Injection of the sealing fluid may be done using the known SurgiFrac® Bernoulli sealing process; i.e., sealing dynamically using velocity. This means that the sealing fluid (conformance fluids) are being injected through the jetting tool 11 also.

Before the ejection of sealing fluid is initiated, a placement fluid, such as sea water or brine, is injected into the non-cemented perforated liner 4 in the downstream direction. Suitably, the placement fluid may be pumped down into the wellbore section 3 from a position above the formation 2, such as at a wellhead. However, a pump may be located at any suitable position along the wellbore.

Thereby, it is obtained that placement fluid flows out through perforations of the non-cemented perforated liner 4 and into the fracture or thief zone 1 in the formation 2. In FIG. 1, the perforations of the non-cemented liner 4, through which placement fluid flows, are not indicated; however, it should be understood that perforations are distributed over the entire length of the liner 4, so that placement fluid flows into the at least substantially annular space 5 between the non-cemented perforated liner 4 and the formation 2 and thereby may form a desired fluid flow as indicated by the arrows 18, 19, 20 in the FIGURE.

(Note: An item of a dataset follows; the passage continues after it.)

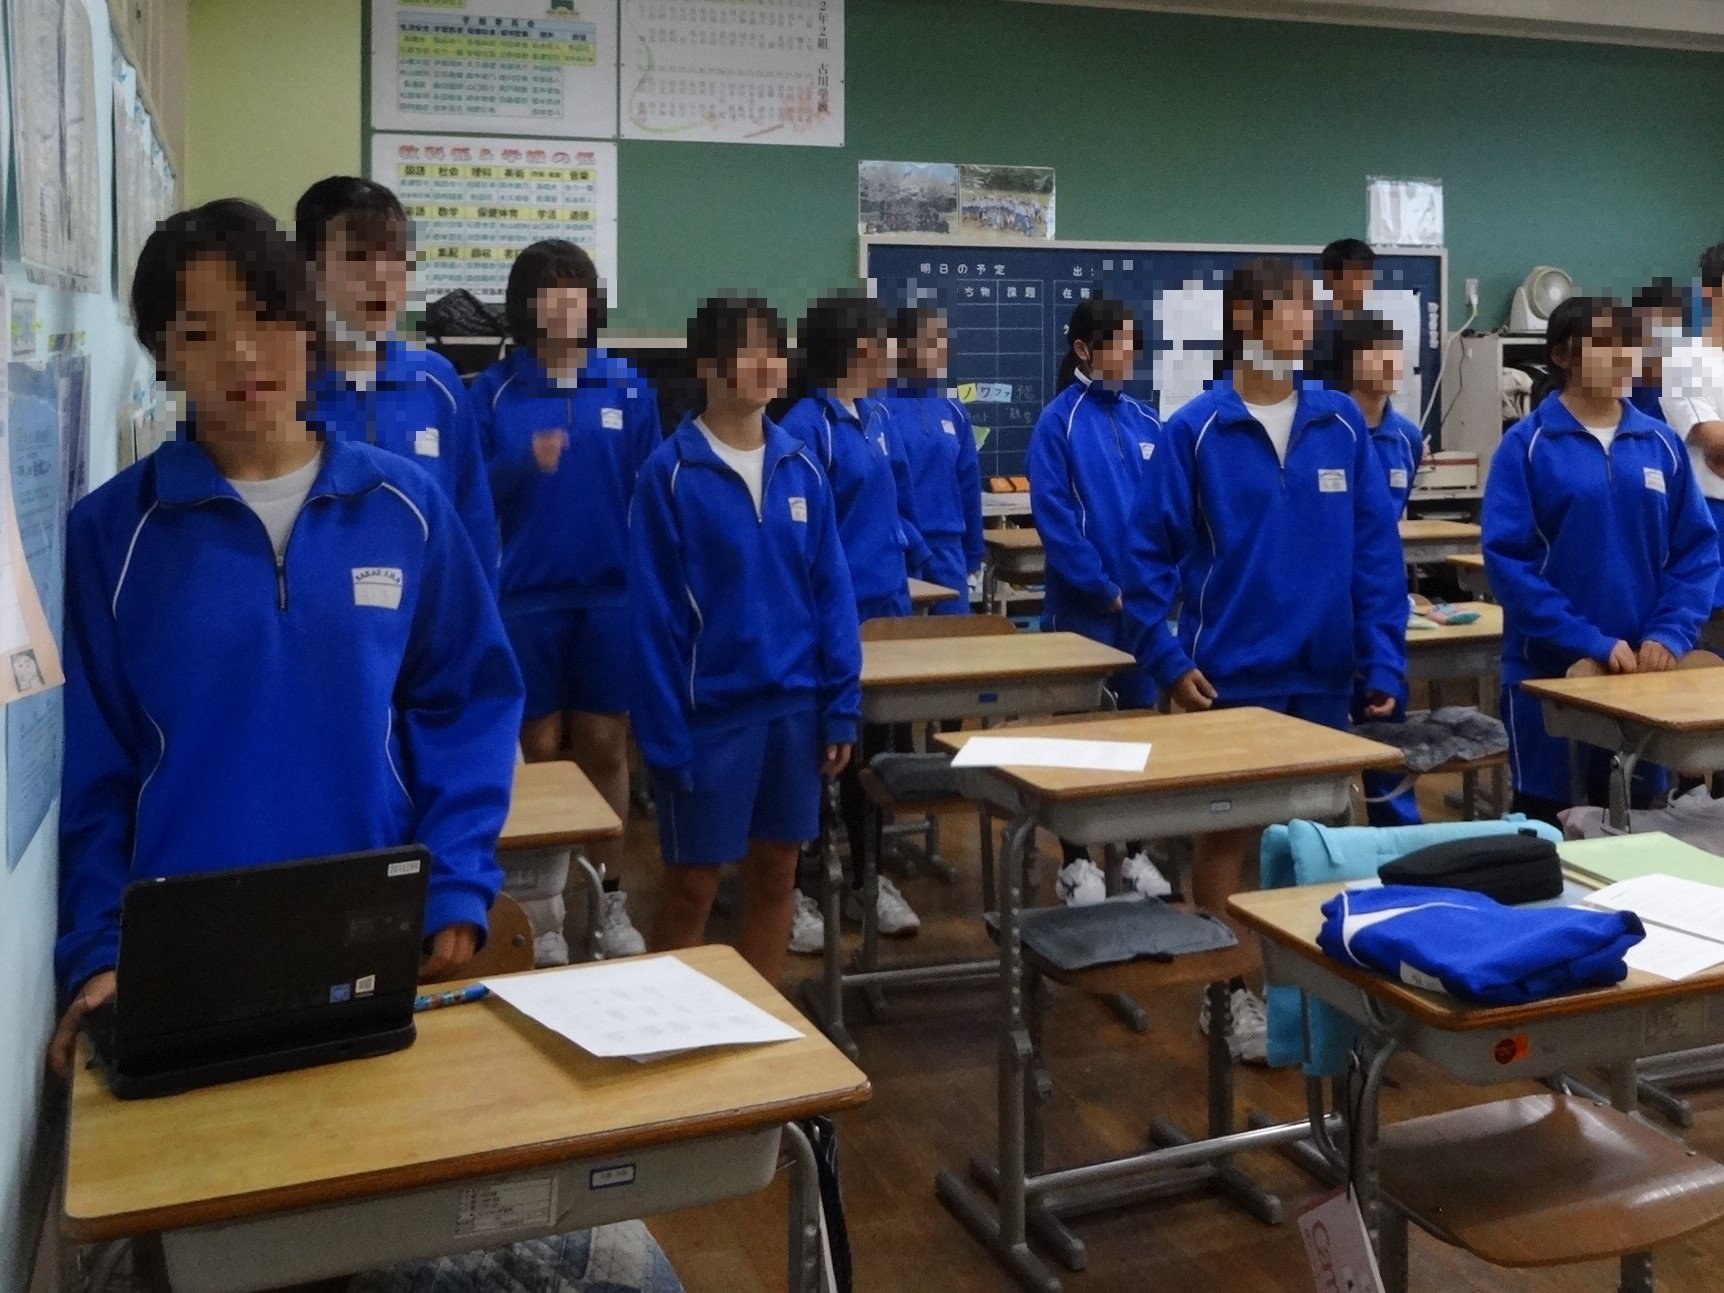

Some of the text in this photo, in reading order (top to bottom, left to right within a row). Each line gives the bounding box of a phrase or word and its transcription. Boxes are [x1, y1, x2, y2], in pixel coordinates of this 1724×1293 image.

[920, 262, 1006, 276] 明日の予定
[1006, 286, 1036, 298] 課題

The desired fluid flow in the at least substantially annular space 5 between the non-cemented perforated liner 4 is, as indicated by the arrows 18, directed in downstream direction at a position upstream the fracture or thief zone 1, and, as indicated by the arrows 19, directed in the upstream direction at a position downstream the fracture or thief zone 1. Thereby, the sealing fluid may be guided and/or carried into the fracture or thief zone 1 by means of a current created by the injected placement fluid, said current being formed in the at least substantially annular space 5 between the non-cemented perforated liner 4 and the formation 2 and being directed at the fracture or thief zone 1 from both upstream and downstream sides, and proper placement of the sealing fluid in the fracture or thief zone 1 may be obtained even by limited access through the perforations of the liner 4.

The injected placement fluid is preferably seawater, and should preferably be a fluid having a suitably low viscosity enabling the placement fluid to properly enter the fracture or thief zone 1 and thereby guide and/or carry the sealing fluid into the fracture or thief zone 1. A placement fluid having a viscosity corresponding to that of seawater will normally be suitable, and the viscosity should at least be lower, preferably 5, 10 or 20 times lower, than that of the sealing fluid.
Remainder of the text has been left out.